According to The Guardian, Knickers stands 6 feet, 4 inches from hoof to shoulder — that means he’s only three inches shorter than a Mewtwo — and he weighs approximately 1.5 tons, or a little more than a Toyota Corolla. While Knickers’ size is certainly his most obvious characteristic, it isn’t really the most salient.
“I am not sure he is so much a freak as just a tall Holstein,” Alison Van Eenennaam, a professor at UC Davis’ Department of Animal Science and a leading researcher in animal genomics, wrote in an email. “We have a steer in California that is 193 cm and the Guinness Book of Records has a Holstein cow that is 193 (6 foot 4 inches).” Danniel, the aforementioned Californian steer, died this year at eight years old. While he was still around, “he would eat 100 pounds of hay and 15 pounds of grain and drink 100 gallons of water a day,” wrote Honolulu’s Star-Advertiser.
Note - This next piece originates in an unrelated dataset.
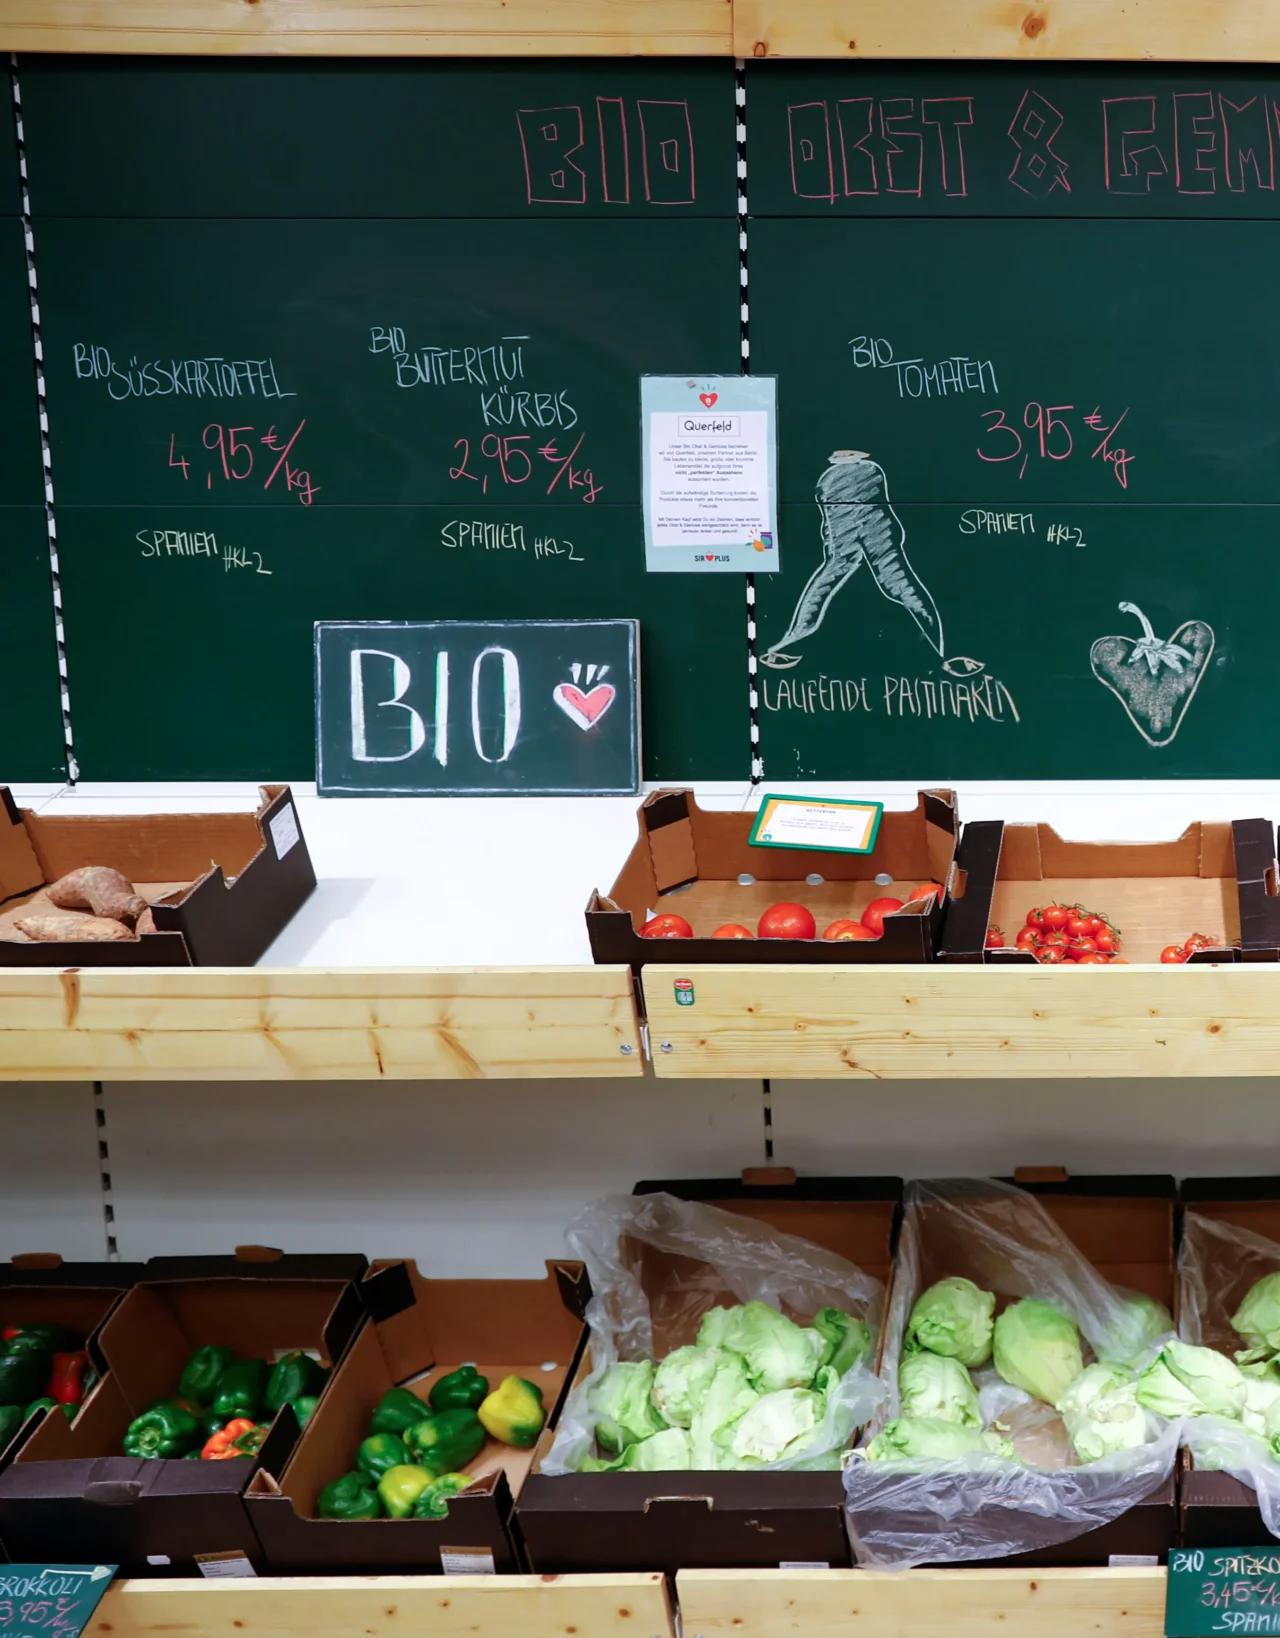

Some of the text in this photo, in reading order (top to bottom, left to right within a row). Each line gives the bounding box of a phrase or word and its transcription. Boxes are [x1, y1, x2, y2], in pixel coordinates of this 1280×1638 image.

Part of the reason Danniel and Knickers were able to grow so large is simply that they weren’t killed: Knickers is seven years old, and, according to the USDA, steers that are processed into meat are generally slaughtered before they reach age four. His current height and weight, Perth Now reported, saved him from an early death. (He wouldn’t fit through the processing machines.)
Eenennaam also pointed out that there are taller and heavier breeds than Holsteins, “like Chianina which is both the tallest and the heaviest breed of cattle,” she wrote. “Mature bulls stand up to 1.8 m (5 ft 11 in), and steers (castrated males) may reach 2 m (6 ft 7 in). It is not unusual for bulls to exceed 1,600 kg (3,500 lb) in weight – we just typically don’t keep Chianinas in Australia as maximum size is typically not optimum from a cost of production standpoint.”
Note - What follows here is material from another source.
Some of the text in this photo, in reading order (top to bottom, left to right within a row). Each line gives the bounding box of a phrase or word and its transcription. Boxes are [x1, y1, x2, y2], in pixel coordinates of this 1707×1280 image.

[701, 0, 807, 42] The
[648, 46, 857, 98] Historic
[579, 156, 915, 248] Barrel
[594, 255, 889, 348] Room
Which is to say: they eat way more if they’re bigger. Eenennaam describes the now-famous picture of Knickers towering over his Wagyu cattle compatriots as “a bit like photographing a Great Dane in with a bunch of young black Labradors.”
Knickers might blend in more if he’d been pictured hanging out with a herd of gaur, which are wild cattle from India that regularly grow to about 6 feet at the shoulder. He also could have held his own in ancient Europe, where giant bovines called aurochs roamed the land.
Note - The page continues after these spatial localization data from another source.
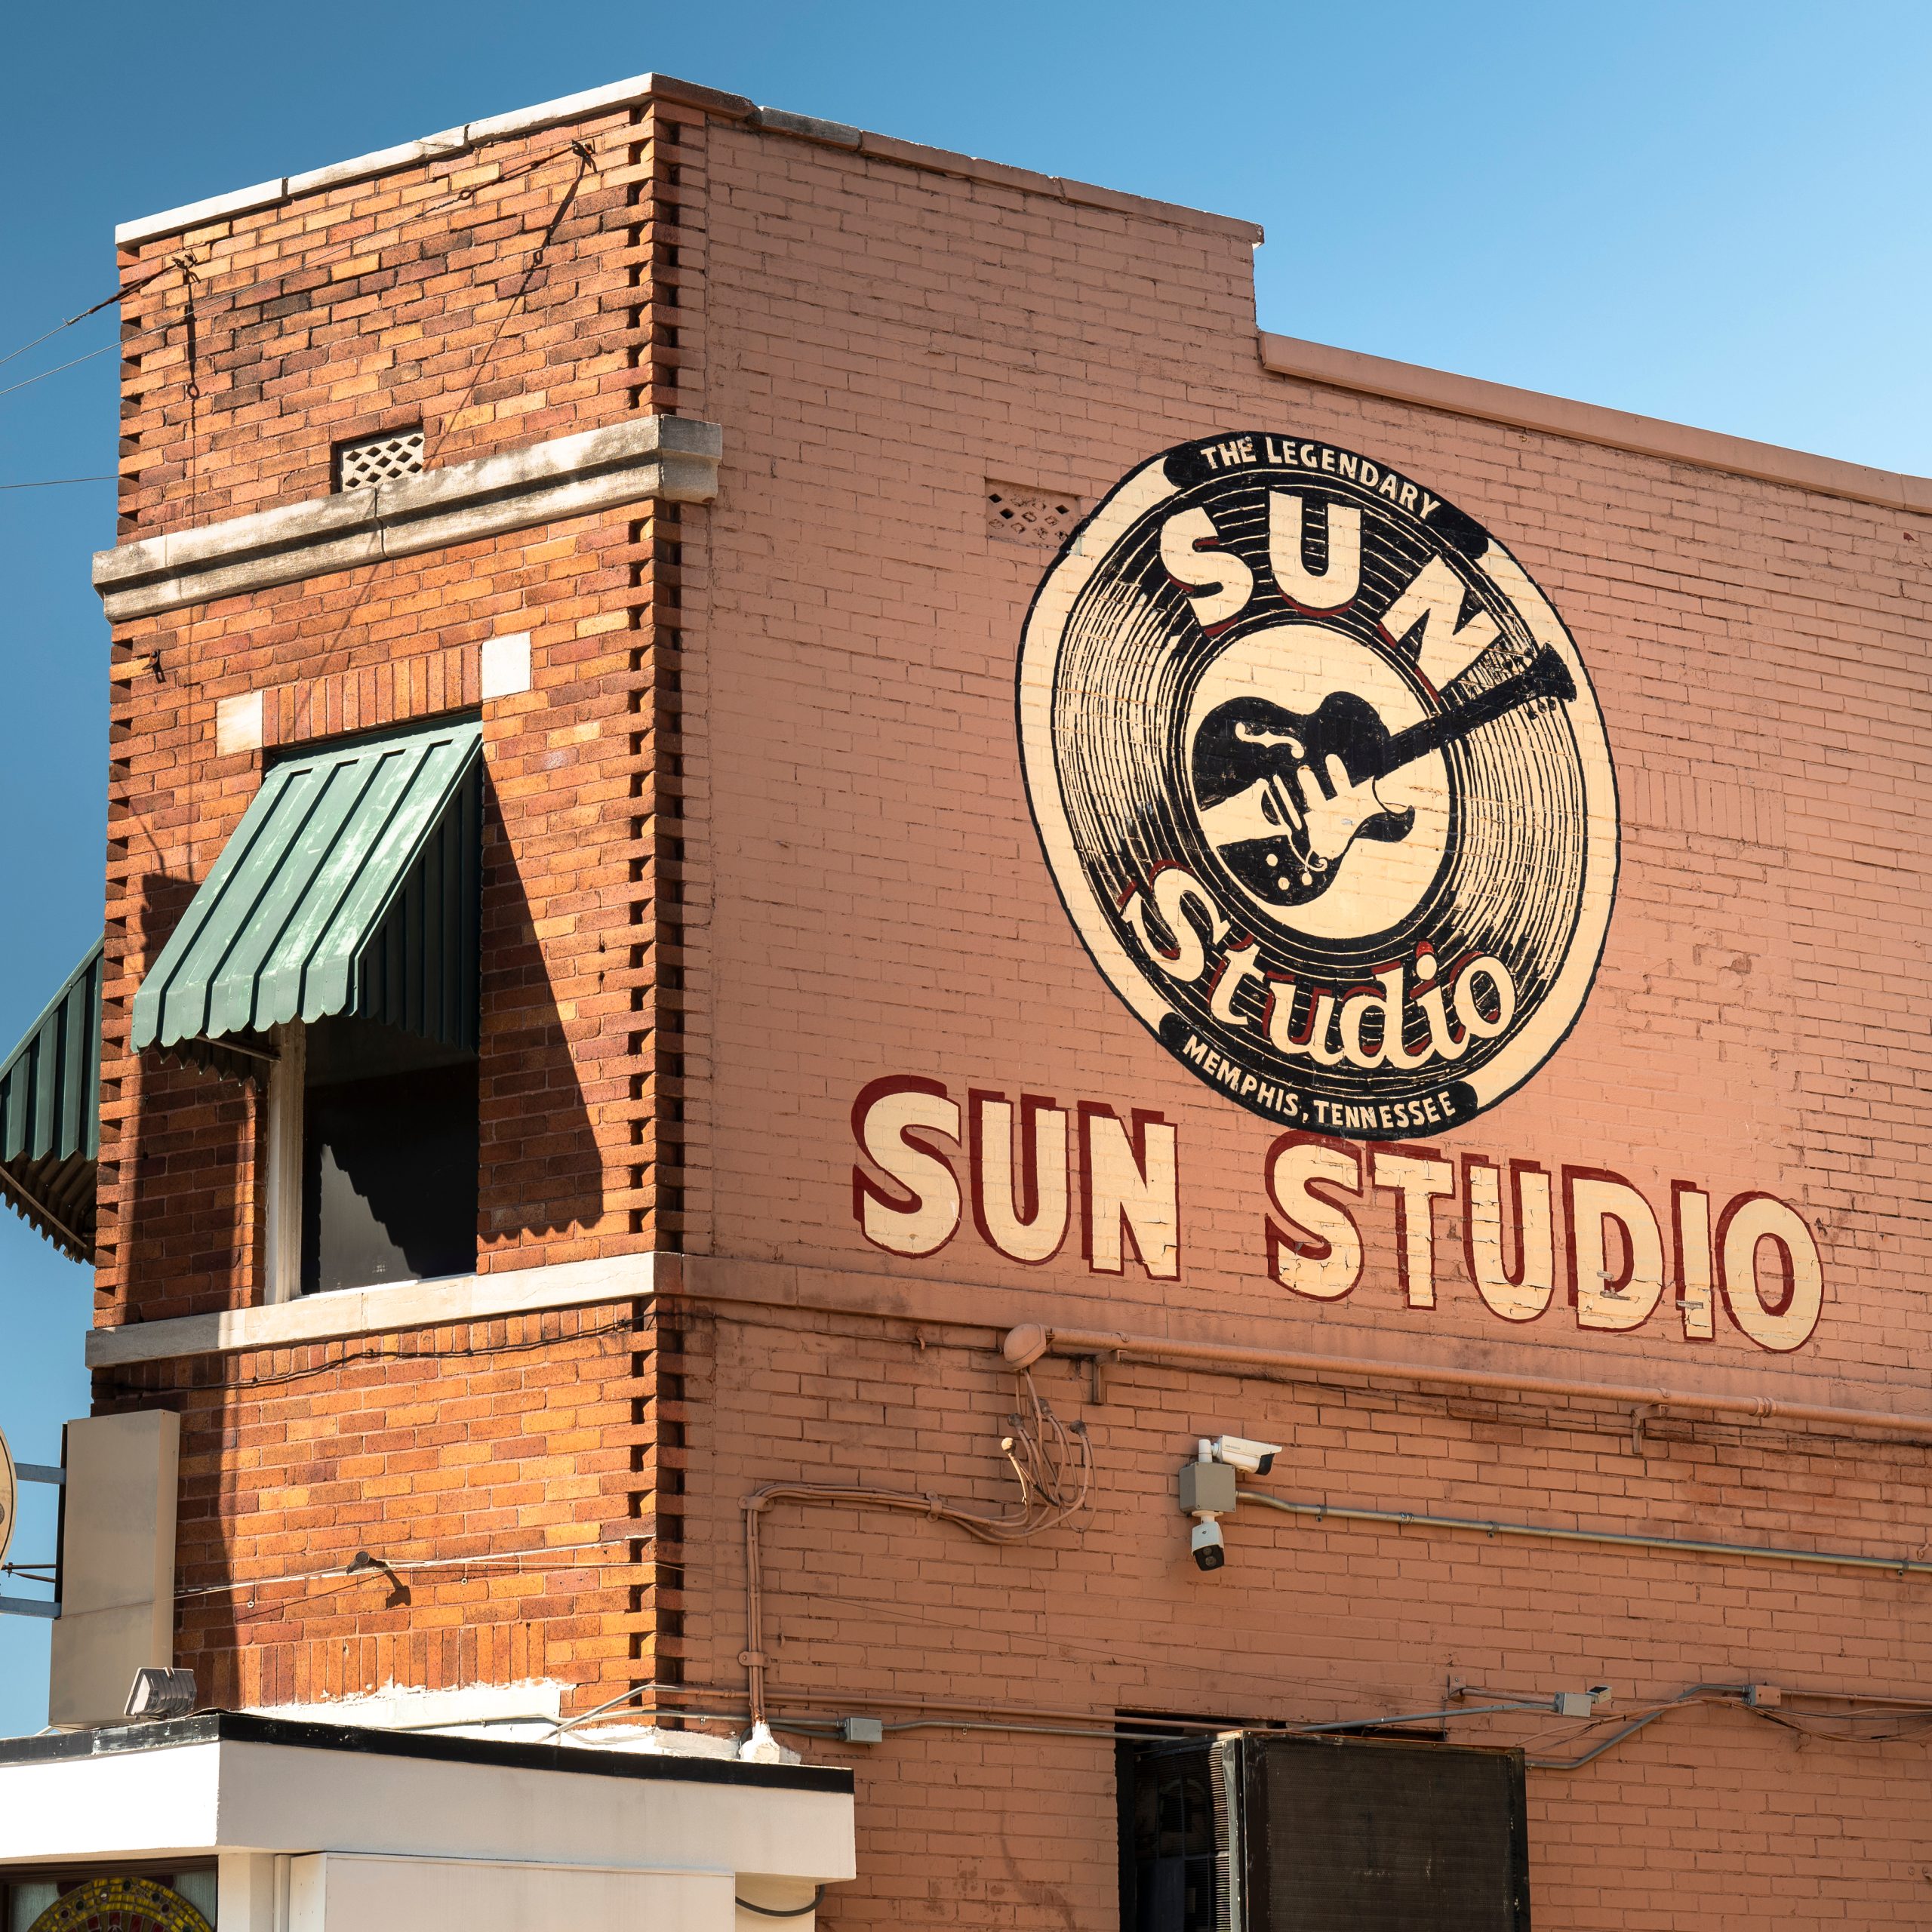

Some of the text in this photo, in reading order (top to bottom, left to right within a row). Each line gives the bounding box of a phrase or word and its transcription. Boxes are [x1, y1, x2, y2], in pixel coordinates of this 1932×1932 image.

[1201, 436, 1441, 520] THE LEGENDARY
[1158, 489, 1510, 703] SUN
[1117, 859, 1516, 1069] Studio
[1182, 1034, 1457, 1129] MEMPHIS, TENNESSEE
[851, 1074, 1824, 1352] SUN STUDIO
According to the Guinness Book of World Records, the tallest living steer is a Chianina named Bellino, who stands about 6 feet, 7 inches tall. Though Knickers is only a bit shorter, he’ll live the rest of his life at the 3,000-acre farm, doing his job. He was bought for $400 to live as a coach among the other cattle, showing them how to live on a farm. As Pearson, Knickers’ owner, told The Guardian, “Obviously he’s gained some stardom – that’s changed his identity a little bit. We’ll have to see what happens with that.”